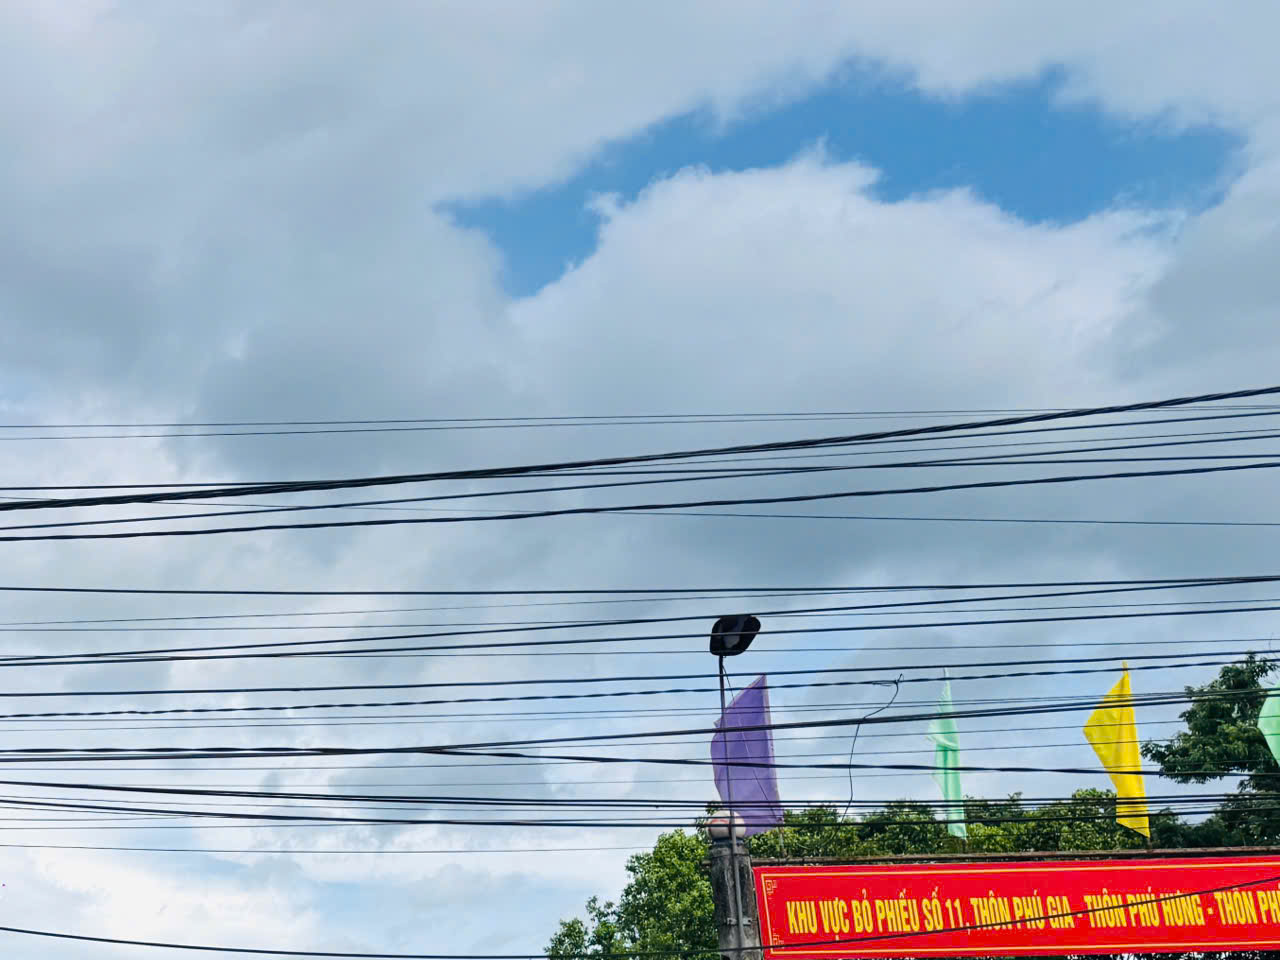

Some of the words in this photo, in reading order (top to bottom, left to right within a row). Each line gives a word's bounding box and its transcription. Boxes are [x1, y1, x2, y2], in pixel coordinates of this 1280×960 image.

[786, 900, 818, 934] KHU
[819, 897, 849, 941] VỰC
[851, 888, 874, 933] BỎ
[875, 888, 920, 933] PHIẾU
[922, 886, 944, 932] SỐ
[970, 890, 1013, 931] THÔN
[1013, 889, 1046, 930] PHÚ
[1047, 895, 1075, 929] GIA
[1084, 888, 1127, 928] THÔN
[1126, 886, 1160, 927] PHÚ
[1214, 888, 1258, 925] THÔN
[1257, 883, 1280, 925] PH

**Exercise requirements**
All records above need to be returned exactly. Omit the pictures.

**Response to this exercise**
Some of the words in this photo, in reading order (top to bottom, left to right within a row). Each line gives a word's bounding box and its transcription. Boxes are [x1, y1, x2, y2], in pixel coordinates of this 1280×960 image.

[786, 900, 818, 934] KHU
[819, 897, 849, 941] VỰC
[851, 888, 874, 933] BỎ
[875, 888, 920, 933] PHIẾU
[922, 886, 944, 932] SỐ
[970, 890, 1013, 931] THÔN
[1013, 889, 1046, 930] PHÚ
[1047, 895, 1075, 929] GIA
[1084, 888, 1127, 928] THÔN
[1126, 886, 1160, 927] PHÚ
[1214, 888, 1258, 925] THÔN
[1257, 883, 1280, 925] PH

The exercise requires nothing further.